Work order:
Return each entry word for word. Leave the images out.

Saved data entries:
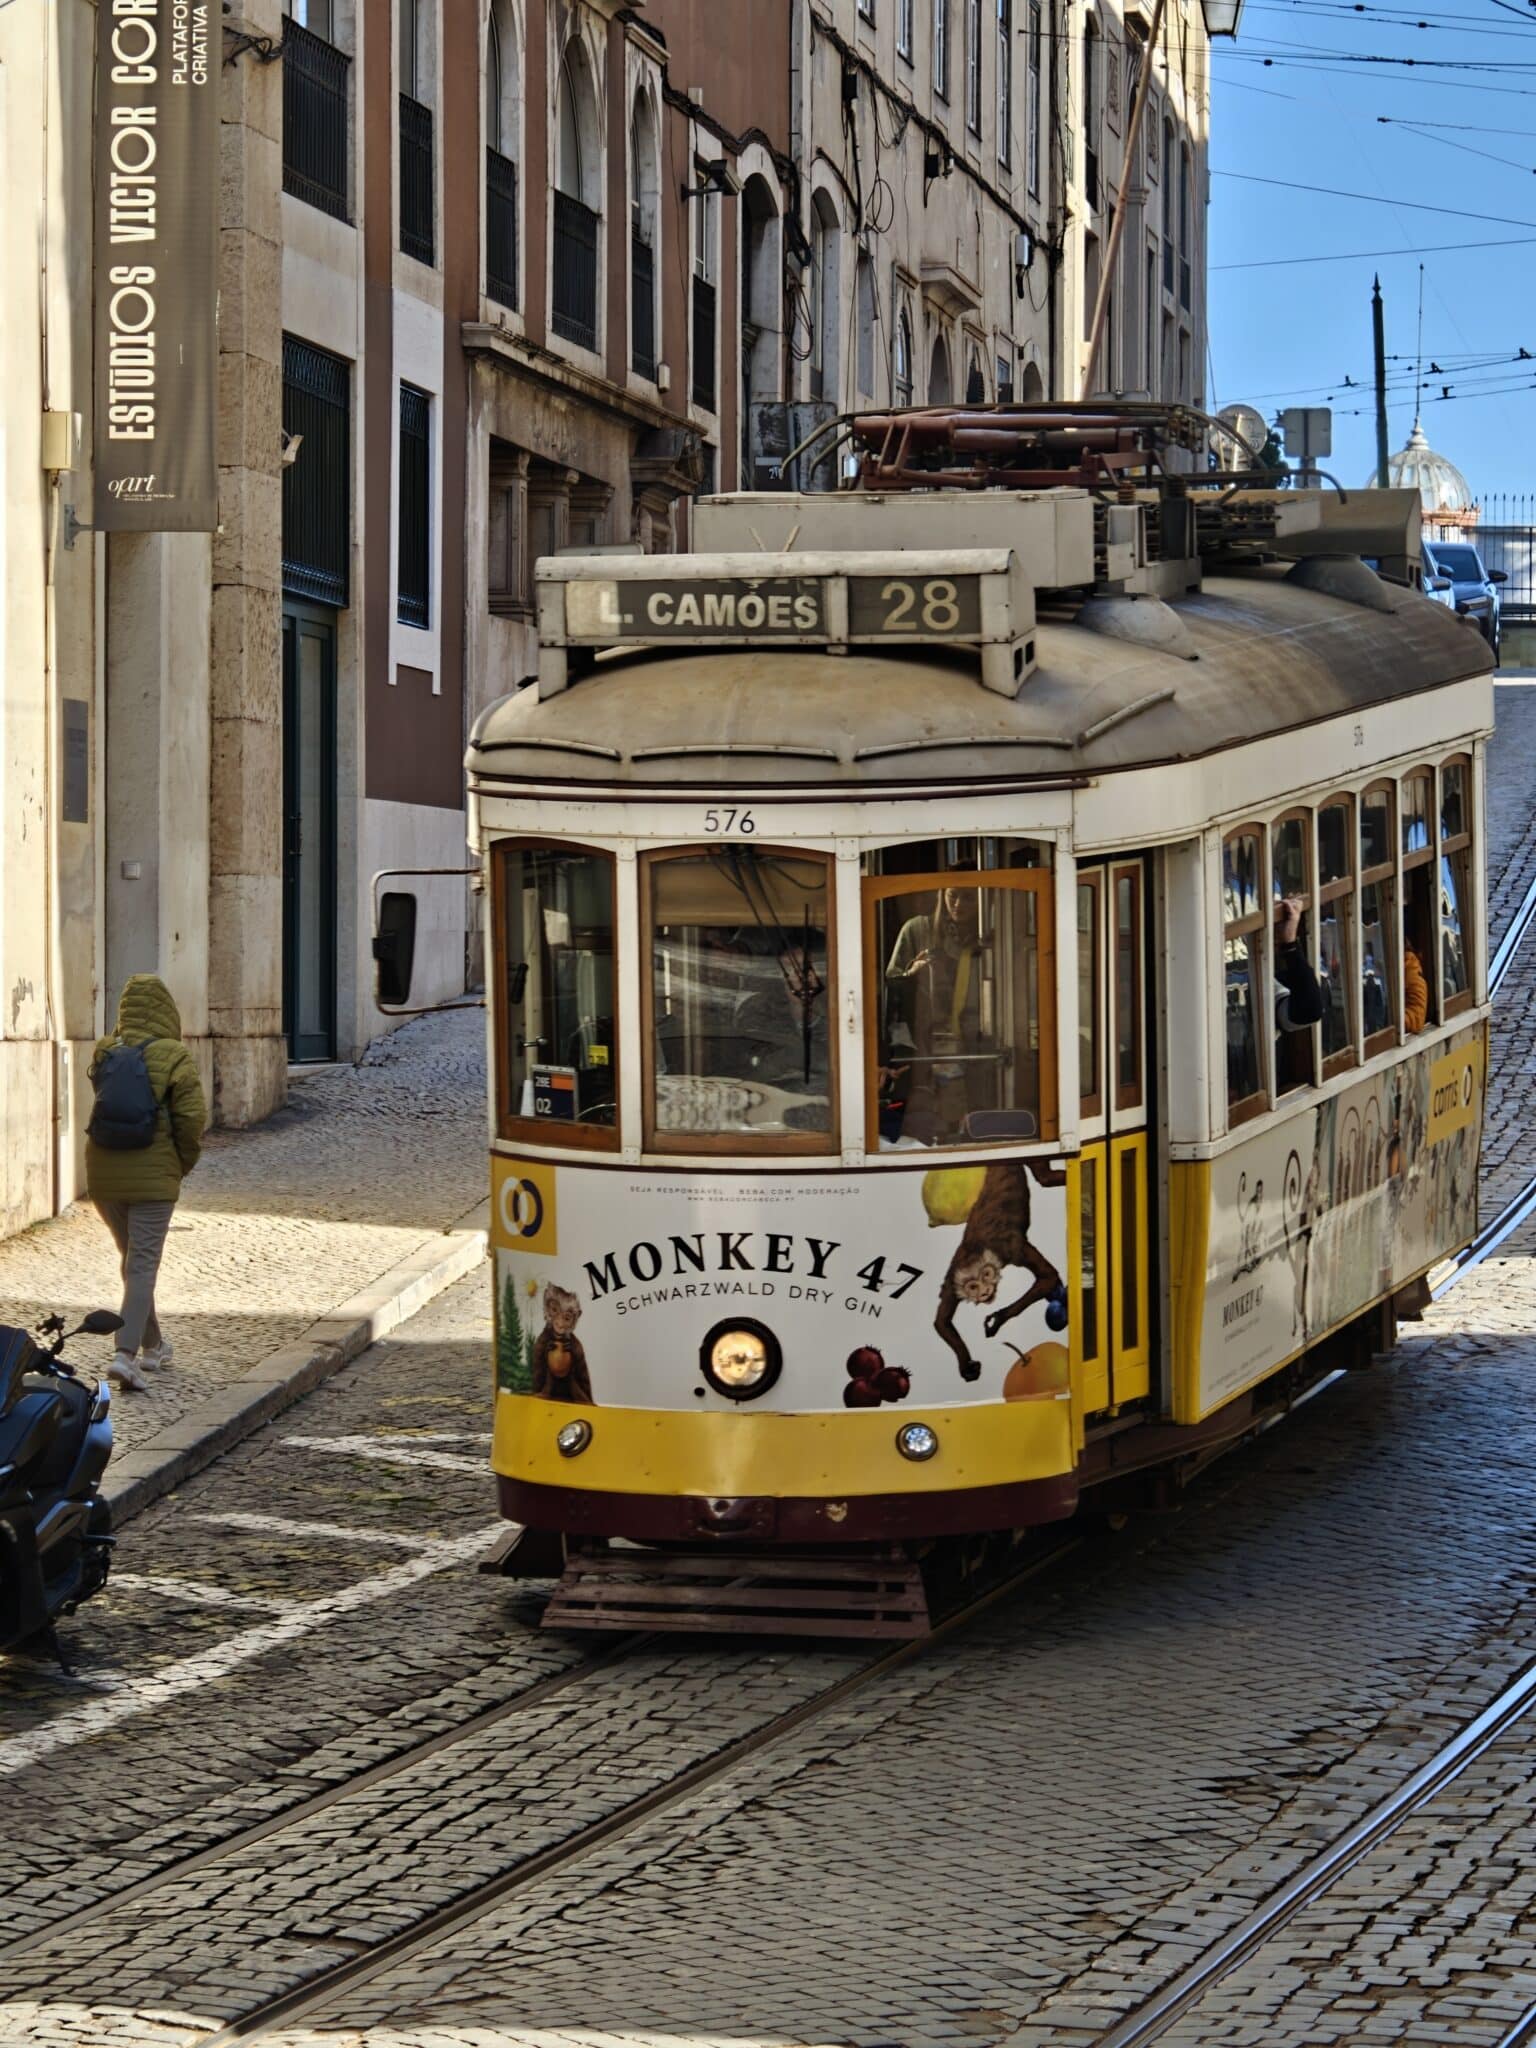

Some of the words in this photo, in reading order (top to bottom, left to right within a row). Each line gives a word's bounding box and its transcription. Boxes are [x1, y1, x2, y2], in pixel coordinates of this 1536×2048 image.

[192, 5, 208, 85] CRIATIVA
[110, 106, 157, 243] VICTOR
[600, 590, 634, 624] L.
[647, 591, 818, 630] CAMÕES
[881, 580, 960, 631] 28
[704, 809, 755, 834] 576
[535, 1098, 552, 1114] 02
[583, 1232, 841, 1301] MONKEY
[856, 1255, 925, 1300] 47
[615, 1282, 776, 1316] SCHWARZWALD
[788, 1285, 834, 1302] DRY
[844, 1296, 883, 1319] GIN
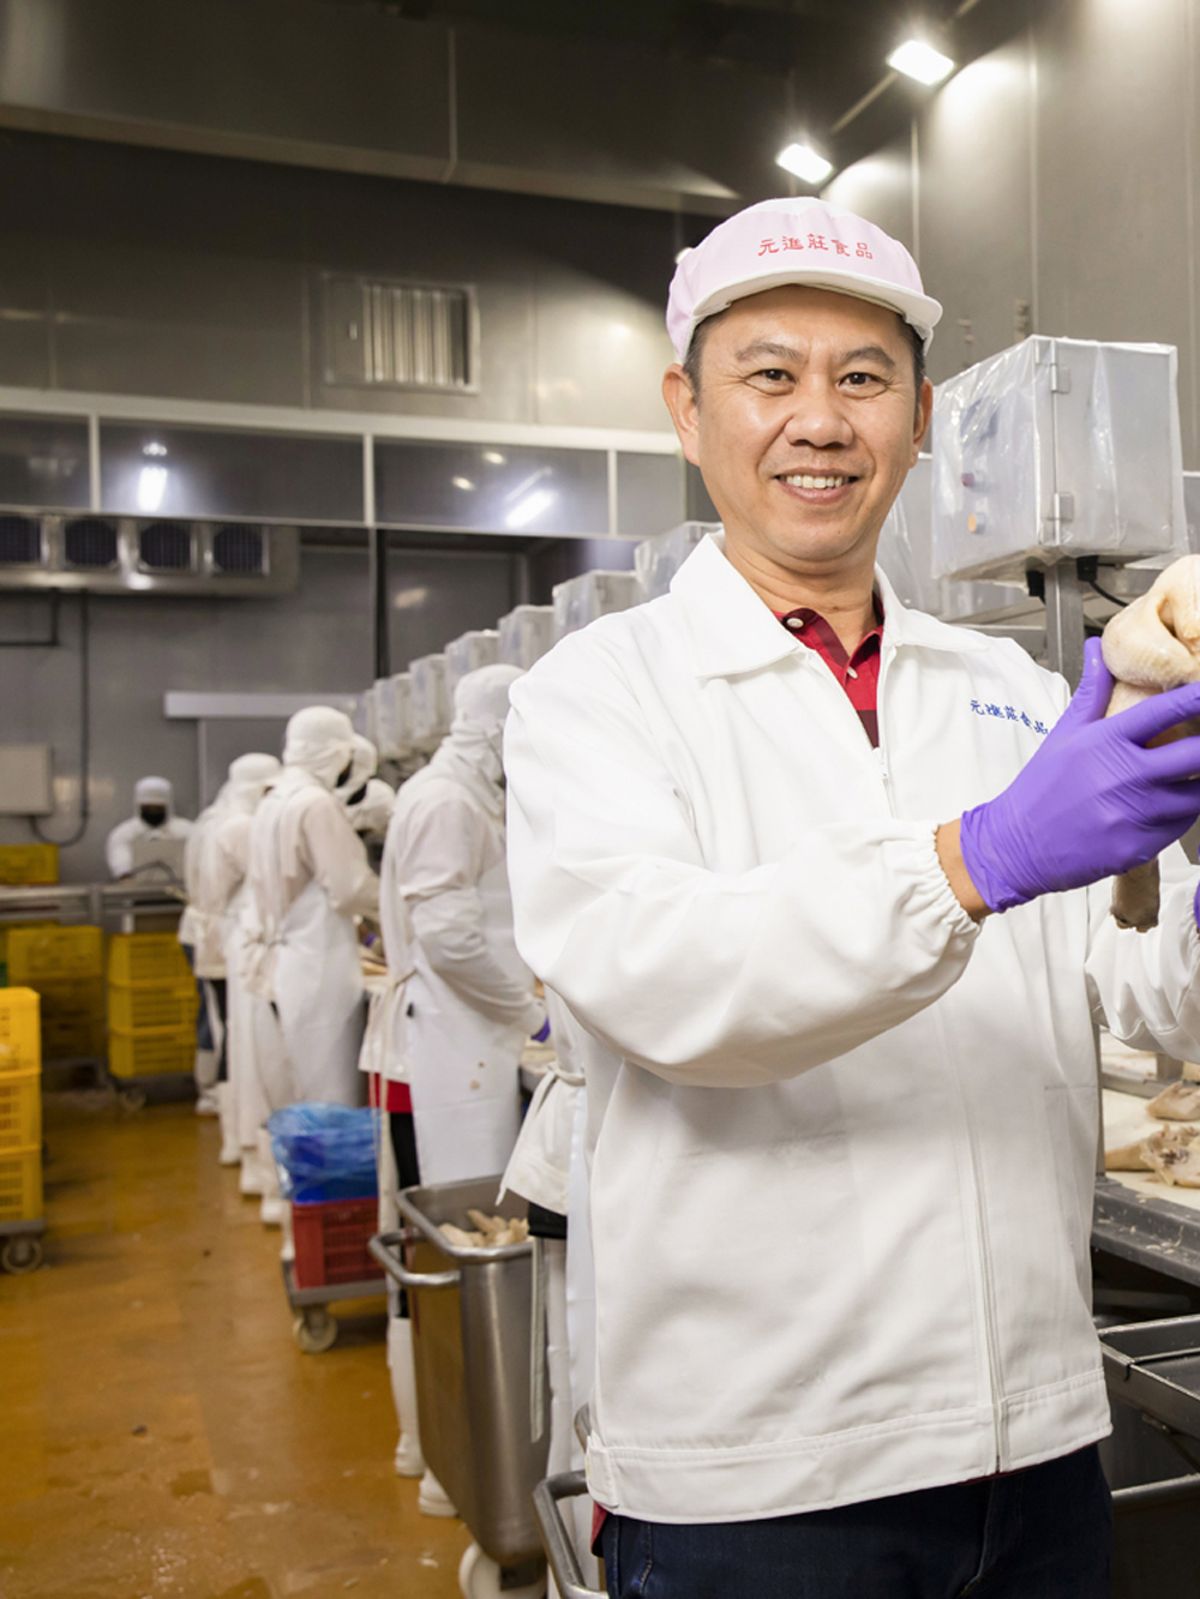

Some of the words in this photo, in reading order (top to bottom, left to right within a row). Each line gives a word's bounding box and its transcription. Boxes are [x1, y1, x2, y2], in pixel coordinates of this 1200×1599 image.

Written solution:
Some of the words in this photo, in reading order (top to bottom, left to right within a row). Each line gives a word's bounding box and its transcription. Boxes are [x1, y1, x2, y2], in pixel coordinates of this 1536×2048 image.

[192, 5, 208, 85] CRIATIVA
[110, 106, 157, 243] VICTOR
[600, 590, 634, 624] L.
[647, 591, 818, 630] CAMÕES
[881, 580, 960, 631] 28
[704, 809, 755, 834] 576
[535, 1098, 552, 1114] 02
[583, 1232, 841, 1301] MONKEY
[856, 1255, 925, 1300] 47
[615, 1282, 776, 1316] SCHWARZWALD
[788, 1285, 834, 1302] DRY
[844, 1296, 883, 1319] GIN

Some of the words in this photo, in reading order (top to bottom, left to right within a row). Each line gives a word's bounding box and its transcription. Boxes are [x1, y1, x2, y2], in pixel coordinates of this 1200×1599 image.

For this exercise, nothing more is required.